Anthropic rents all 220,000 chips at SpaceX's Colossus 1, becomes Musk's biggest AI customer.
Anthropic needed compute. It found the one man who once called it a threat to civilization.
In February 2026, Elon Musk wrote on X that Anthropic "hates Western Civilization," citing a direct post from his account at the time. Observers widely characterized that position as fundamental hostility from Musk toward the lab — what some called misanthropic toward a rival. Three months later, Anthropic signed an agreement to rent all of the compute capacity at SpaceX's Colossus 1 data center — more than 220,000 NVIDIA chips drawing 300 megawatts of power — becoming, by its own account, Musk's single largest AI customer. The reversal is not a partnership story. It is a supply-shock story: a company blacklisted by the U.S. government for defense contracts found itself with no viable path to the compute it needed to keep its models running at scale, and the only place with enough power immediately available belonged to the person it had most publicly vilified.
The deal, announced by Anthropic on May 6, gives the AI lab access to more than 300 megawatts of new capacity within a month. The company confirmed it is doubling Claude Code five-hour rate limits for Pro, Max, Team, and Enterprise plans as a result. Reuters reported that in May 2026, Musk spent time with the Anthropic team and called them competent and caring, saying "no one set off my evil detector" — a stark shift from his February posts.
The backdrop is a compute crunch that has no clean exit. The Pentagon's blacklist against Anthropic — effectively barring the lab from federal AI procurement contracts — left it without the government compute partnerships that typically anchor a frontier lab's infrastructure planning. Since the Trump administration effectively blacklisted Anthropic in late February, Claude has experienced multiple outages and the company has repeatedly tightened usage limits during peak hours. In March, Anthropic confirmed it had been reducing Claude session limits on weekdays. New infrastructure investments take 12 to 24 months to translate into available capacity; limits will likely stay tight or worsen through the end of 2026, according to one analysis of Anthropic's capacity situation.

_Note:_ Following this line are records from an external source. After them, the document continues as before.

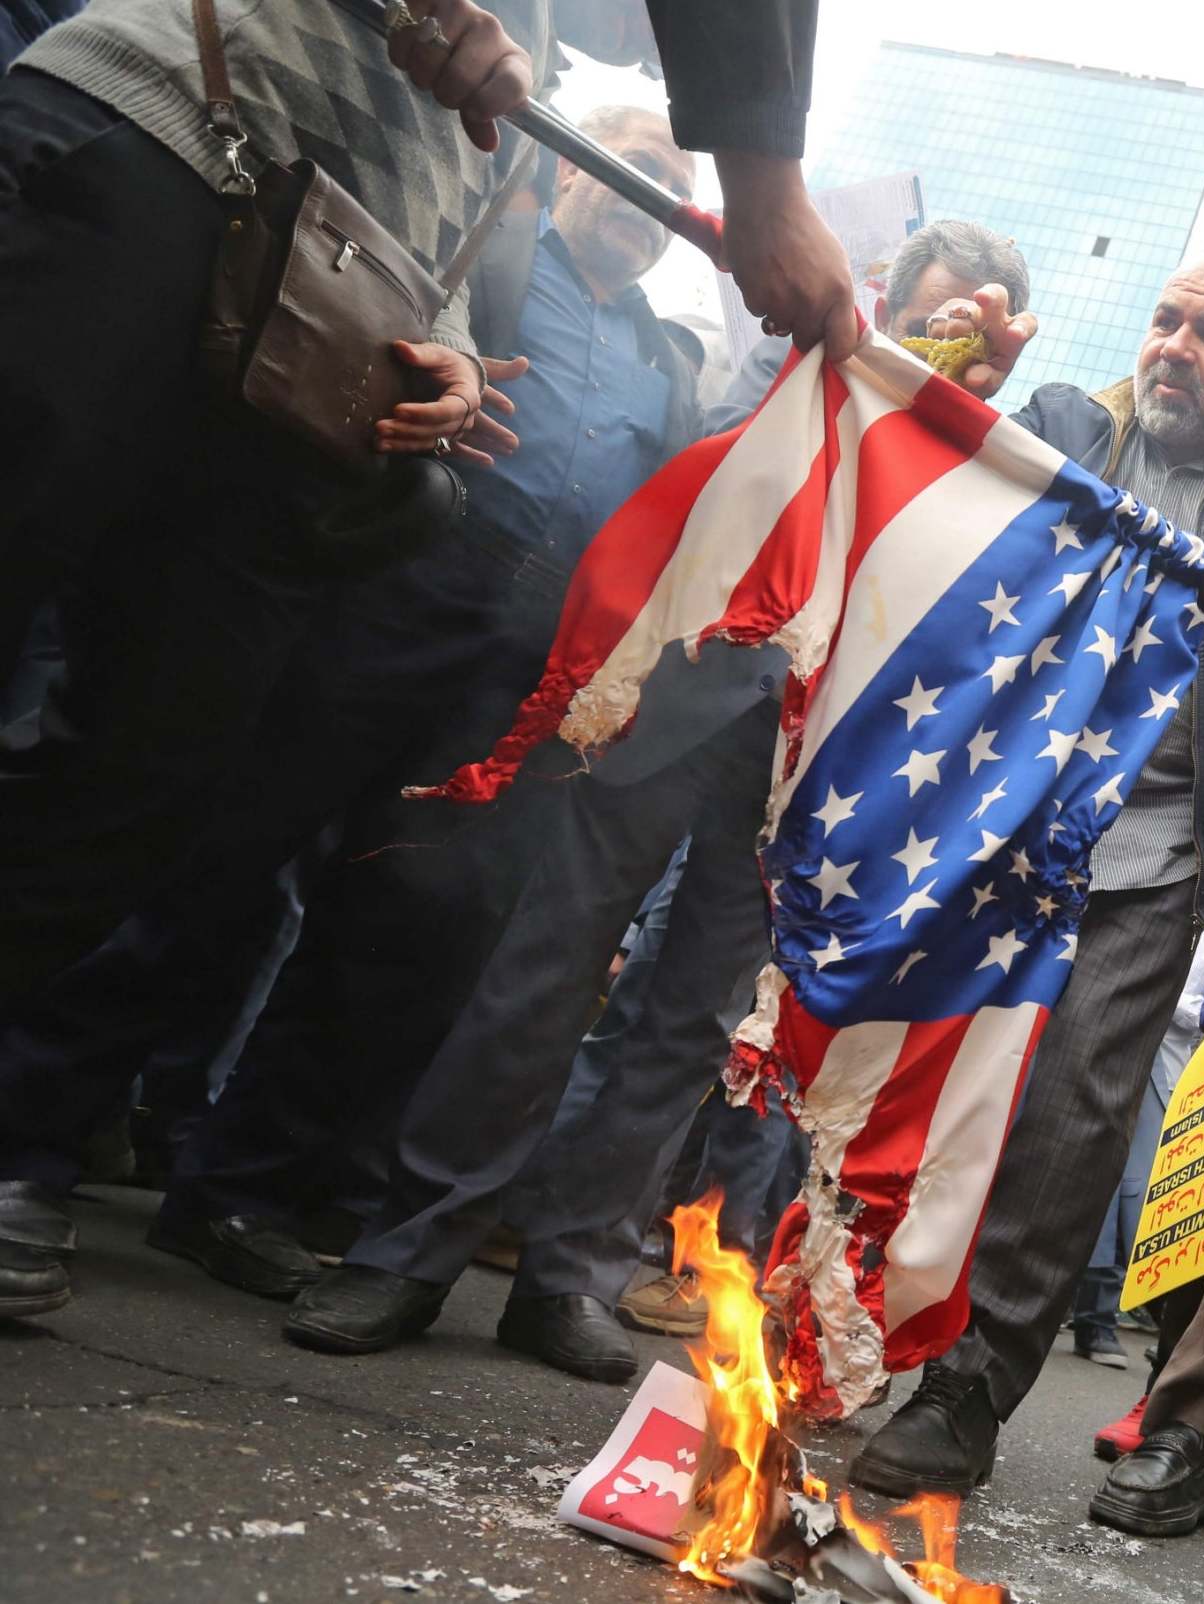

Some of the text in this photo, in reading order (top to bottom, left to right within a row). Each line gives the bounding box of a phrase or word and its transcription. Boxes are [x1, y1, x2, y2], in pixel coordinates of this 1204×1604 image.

[1170, 1112, 1203, 1138] Islam
[1160, 1133, 1204, 1175] الموت
[1151, 1168, 1192, 1199] ISRAEL
[1150, 1188, 1196, 1232] الموت
[1139, 1230, 1171, 1259] U.S.A
[1137, 1256, 1170, 1292] مرگ
[1175, 1236, 1197, 1266] بر

xAI confirmed the partnership in a post on its own news page, framing it as a capacity agreement for Colossus. xAI did not respond to questions about whether its own training operations are paused, deprioritized, or unaffected by the arrangement. Anthropic's blog says it agreed to use "all of the compute capacity" at Colossus 1; xAI's announcement calls it a "capacity partnership" without specifying operational terms on its public news page. Neither company would comment on exit provisions or what operational constraints the agreement places on xAI's own use of the facility.

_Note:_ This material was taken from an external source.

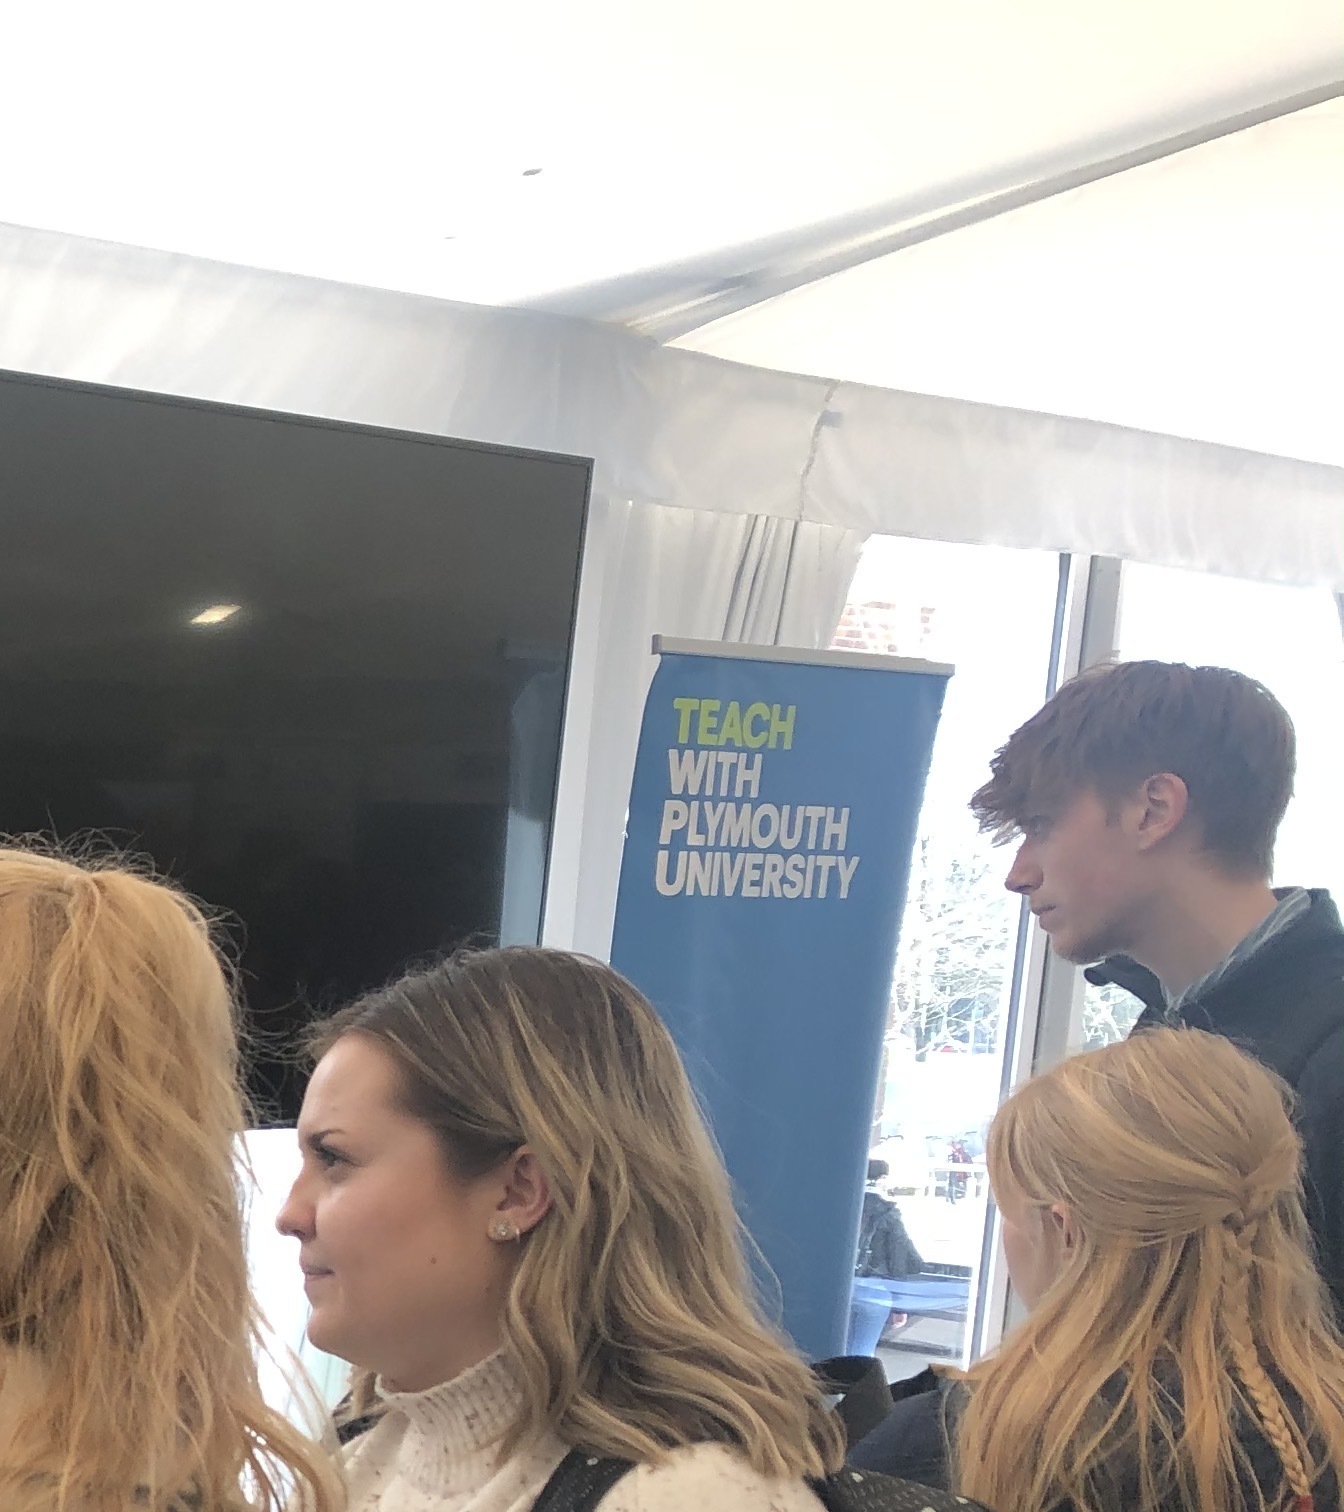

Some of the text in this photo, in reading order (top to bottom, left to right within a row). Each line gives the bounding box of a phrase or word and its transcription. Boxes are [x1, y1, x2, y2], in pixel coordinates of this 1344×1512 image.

The financial terms remain undisclosed. Market rates for comparable GPU-hour contracts at this scale typically run roughly $2 to $3 per H100 equivalent — per market-rate analysis by MindStudio — suggesting a deal of this size could represent hundreds of millions of dollars annually. Neither Anthropic nor SpaceX has confirmed a figure.

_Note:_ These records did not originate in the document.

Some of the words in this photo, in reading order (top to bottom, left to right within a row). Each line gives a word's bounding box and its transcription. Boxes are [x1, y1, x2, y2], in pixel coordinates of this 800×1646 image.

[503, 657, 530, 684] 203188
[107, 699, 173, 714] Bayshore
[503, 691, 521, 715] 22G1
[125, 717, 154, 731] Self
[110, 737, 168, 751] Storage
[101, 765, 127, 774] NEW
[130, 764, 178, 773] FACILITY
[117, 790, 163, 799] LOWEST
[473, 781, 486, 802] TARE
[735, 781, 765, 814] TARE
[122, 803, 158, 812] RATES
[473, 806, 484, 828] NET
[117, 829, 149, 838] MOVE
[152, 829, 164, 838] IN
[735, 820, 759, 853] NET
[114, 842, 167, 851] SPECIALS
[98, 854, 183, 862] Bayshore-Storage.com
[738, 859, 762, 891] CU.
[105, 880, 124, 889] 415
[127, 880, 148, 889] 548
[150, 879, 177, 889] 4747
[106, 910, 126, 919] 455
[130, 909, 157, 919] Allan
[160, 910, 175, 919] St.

The reversal landed three weeks after Musk's own AI company, xAI, raised $15 billion in a Series B round that valued it at $120 billion. Colossus is xAI's primary training infrastructure. Renting the full facility to Anthropic means xAI trains on the same chips Anthropic is running inference on — a configuration that neatly serves both companies while raising questions about whether the deal reflects desperation, pragmatism, or a broader realignment between the two labs.
That ambiguity is not abstract. SpaceX is moving toward a public listing, and investors in that IPO cannot see the terms of Anthropic's dependency on Musk's own infrastructure — a competitor that shares the same founder. The undisclosed deal structure also means xAI's investors cannot assess whether their training schedule is now hostage to a rival's inference demand. The exposure is asymmetric: xAI's investors are bearing the operational risk of Colossus allocation without visibility into the contractual terms.
Compute is the load-bearing constraint in AI right now. Labs with the best models cannot always run them at scale, and the organizations with the most power capacity are not always the ones with the most goodwill in the industry. Anthropic solved its shortage by renting from the one company that had the capacity and the incentive to say yes.
What happens next: whether Anthropic discloses financial terms, whether the arrangement triggers any regulatory review given compute concentration at a single facility controlled by a Musk-founded company, and whether other labs hit with similar government designations follow the same path to the same landlord.